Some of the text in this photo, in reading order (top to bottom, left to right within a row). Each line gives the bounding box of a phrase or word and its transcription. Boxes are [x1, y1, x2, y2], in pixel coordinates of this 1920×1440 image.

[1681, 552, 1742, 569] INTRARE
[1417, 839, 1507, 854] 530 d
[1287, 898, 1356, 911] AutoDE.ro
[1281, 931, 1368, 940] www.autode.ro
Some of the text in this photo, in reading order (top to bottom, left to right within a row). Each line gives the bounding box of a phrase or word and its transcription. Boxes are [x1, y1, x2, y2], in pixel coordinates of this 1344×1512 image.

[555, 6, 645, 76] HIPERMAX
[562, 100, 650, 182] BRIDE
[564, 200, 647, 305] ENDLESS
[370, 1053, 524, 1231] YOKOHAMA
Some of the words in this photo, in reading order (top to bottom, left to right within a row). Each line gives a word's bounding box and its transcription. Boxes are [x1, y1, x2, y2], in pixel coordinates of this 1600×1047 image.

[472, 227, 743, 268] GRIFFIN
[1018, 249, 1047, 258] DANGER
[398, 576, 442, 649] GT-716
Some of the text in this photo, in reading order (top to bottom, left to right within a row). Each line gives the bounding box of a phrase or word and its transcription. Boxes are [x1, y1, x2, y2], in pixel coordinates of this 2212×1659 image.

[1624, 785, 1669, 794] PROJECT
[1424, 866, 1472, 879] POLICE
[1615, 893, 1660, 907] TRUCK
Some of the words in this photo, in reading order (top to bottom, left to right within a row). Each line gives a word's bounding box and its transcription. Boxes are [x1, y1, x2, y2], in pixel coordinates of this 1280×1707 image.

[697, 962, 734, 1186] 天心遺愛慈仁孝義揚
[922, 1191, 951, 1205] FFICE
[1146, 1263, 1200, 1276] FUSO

- - - - - - -

#### [Try it]
With the line that contains "this 1600×1047 image." as the first and the final line of the data as the last, repeat every line in that span exactly.

#### [Answer section]
Some of the words in this photo, in reading order (top to bottom, left to right within a row). Each line gives a word's bounding box and its transcription. Boxes are [x1, y1, x2, y2], in pixel coordinates of this 1600×1047 image.

[472, 227, 743, 268] GRIFFIN
[1018, 249, 1047, 258] DANGER
[398, 576, 442, 649] GT-716
Some of the text in this photo, in reading order (top to bottom, left to right within a row). Each line gives the bounding box of a phrase or word and its transcription. Boxes are [x1, y1, x2, y2], in pixel coordinates of this 2212×1659 image.

[1624, 785, 1669, 794] PROJECT
[1424, 866, 1472, 879] POLICE
[1615, 893, 1660, 907] TRUCK
Some of the words in this photo, in reading order (top to bottom, left to right within a row). Each line gives a word's bounding box and its transcription. Boxes are [x1, y1, x2, y2], in pixel coordinates of this 1280×1707 image.

[697, 962, 734, 1186] 天心遺愛慈仁孝義揚
[922, 1191, 951, 1205] FFICE
[1146, 1263, 1200, 1276] FUSO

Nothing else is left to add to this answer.